Goal of the exercise - In this exercise, write out the data word for word and leave every image out.

Records for this exercise -
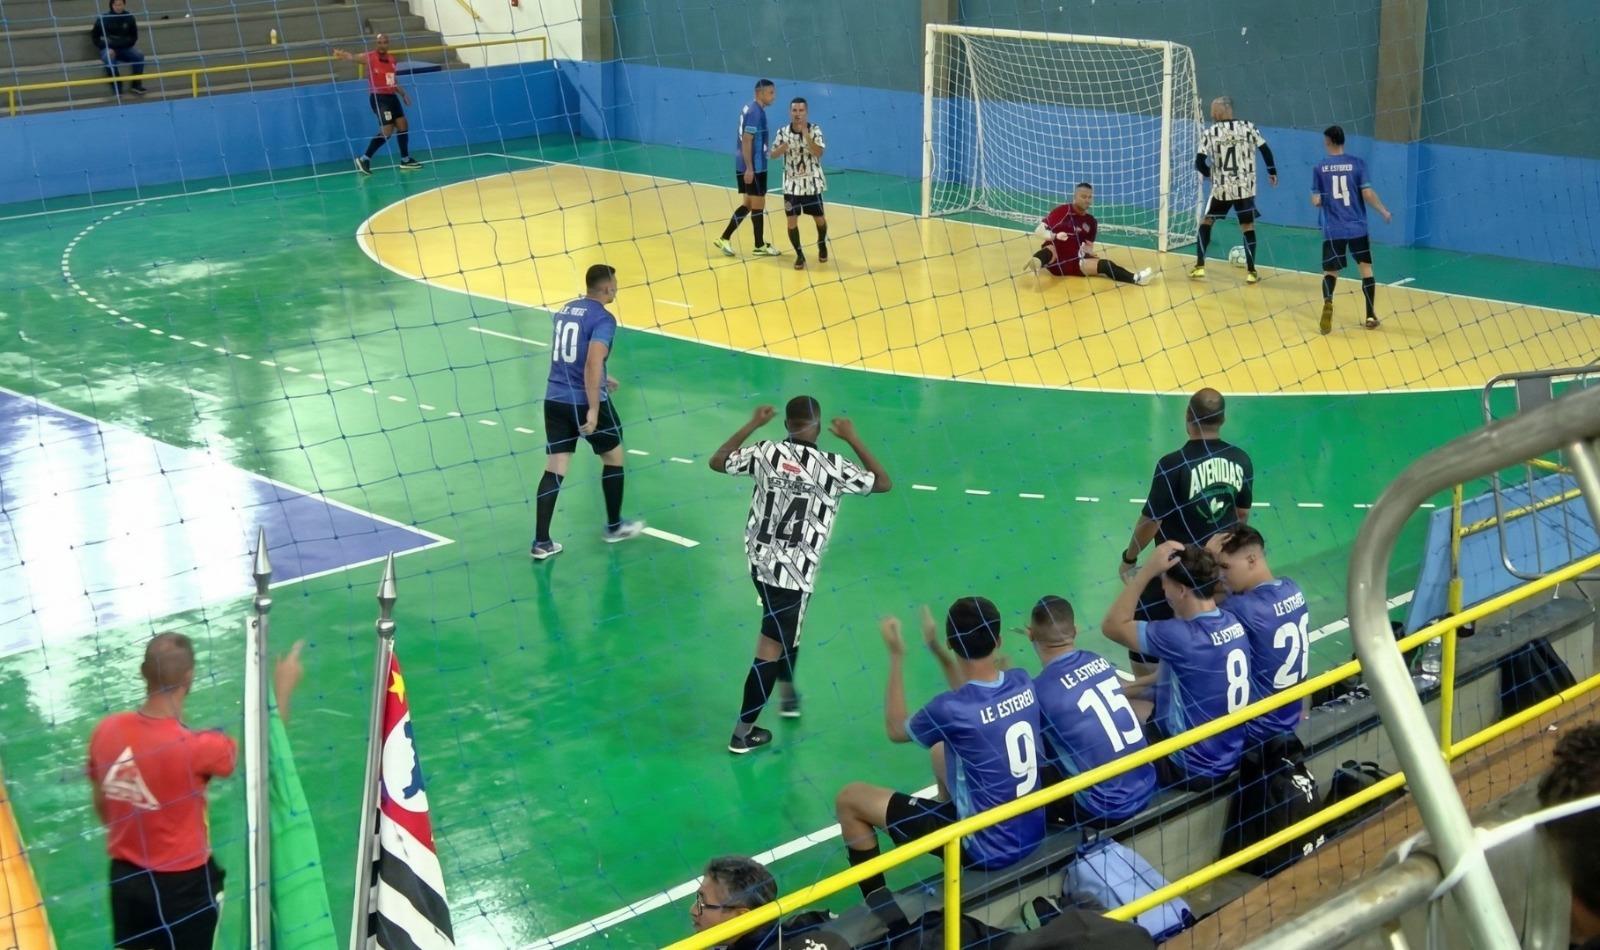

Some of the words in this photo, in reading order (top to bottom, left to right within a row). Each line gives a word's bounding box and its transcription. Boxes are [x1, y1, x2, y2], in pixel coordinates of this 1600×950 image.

[1223, 144, 1239, 177] 4
[1332, 175, 1351, 206] 4
[553, 319, 579, 363] 10
[1189, 457, 1244, 500] AVENIDAS
[756, 490, 809, 548] 14
[1226, 648, 1250, 714] 8
[1077, 675, 1144, 753] 15
[1005, 720, 1038, 798] 9
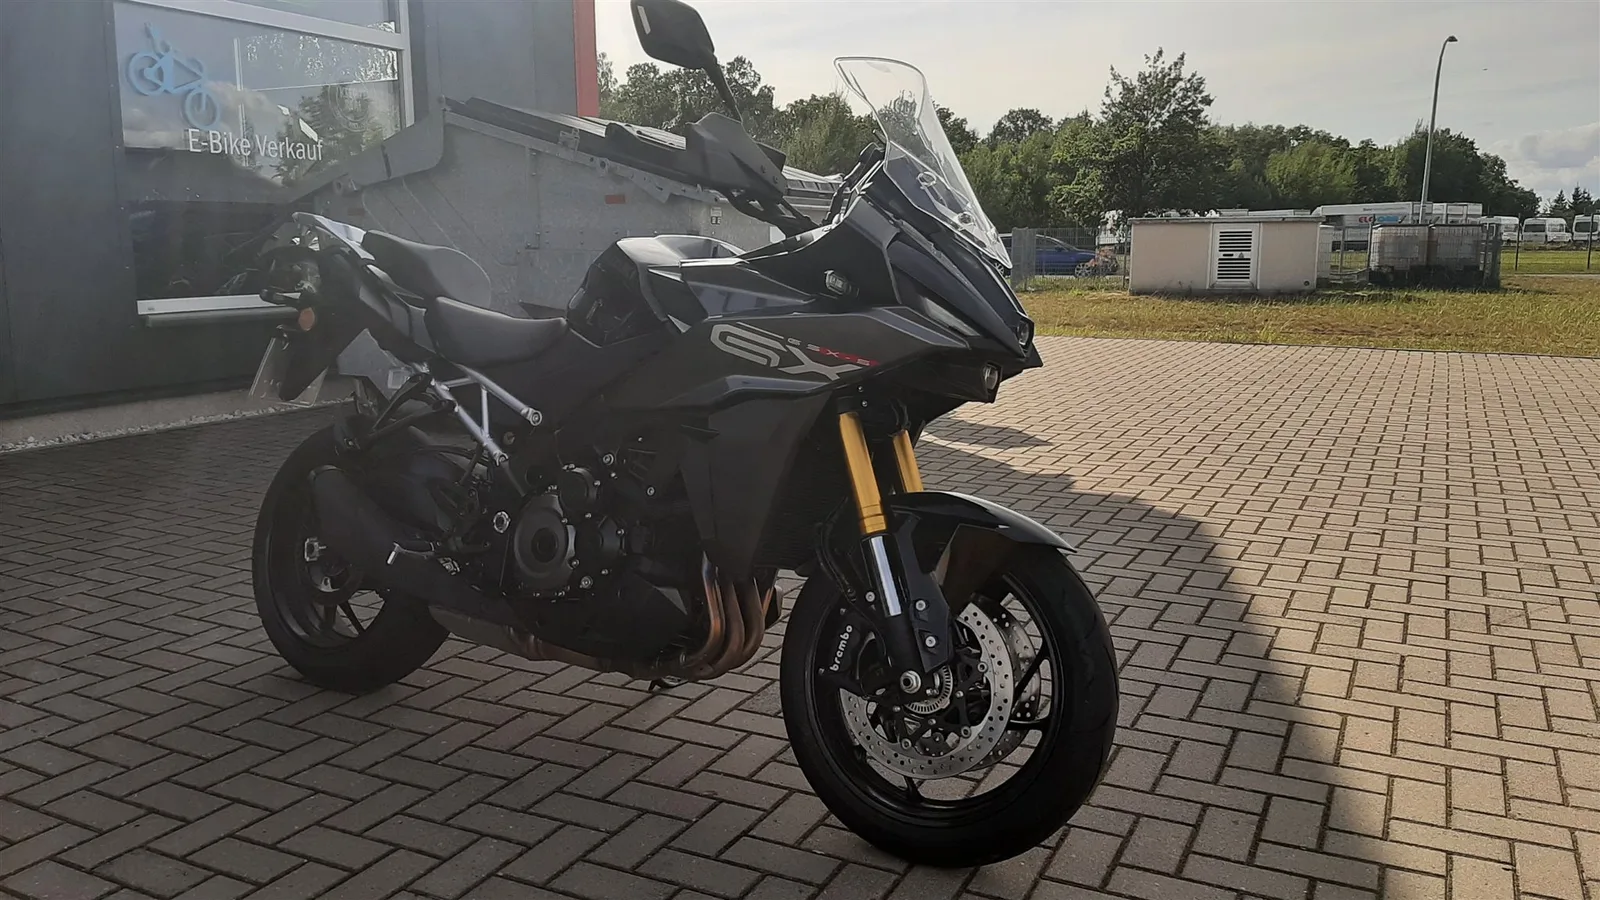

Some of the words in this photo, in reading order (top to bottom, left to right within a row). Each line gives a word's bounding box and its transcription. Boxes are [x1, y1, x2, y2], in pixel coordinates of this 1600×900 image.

Your solution -
Some of the words in this photo, in reading order (top to bottom, left to right within a row). Each line gives a word's bounding box and its transcription. Boxes are [x1, y1, x2, y2], in pixel coordinates of this 1600×950 image.

[1223, 144, 1239, 177] 4
[1332, 175, 1351, 206] 4
[553, 319, 579, 363] 10
[1189, 457, 1244, 500] AVENIDAS
[756, 490, 809, 548] 14
[1226, 648, 1250, 714] 8
[1077, 675, 1144, 753] 15
[1005, 720, 1038, 798] 9

Some of the words in this photo, in reading order (top to bottom, left to right within a row). Each line gives a word's bounding box and its transcription. Boxes are [x1, y1, x2, y2], in pixel coordinates of this 1600×900 image.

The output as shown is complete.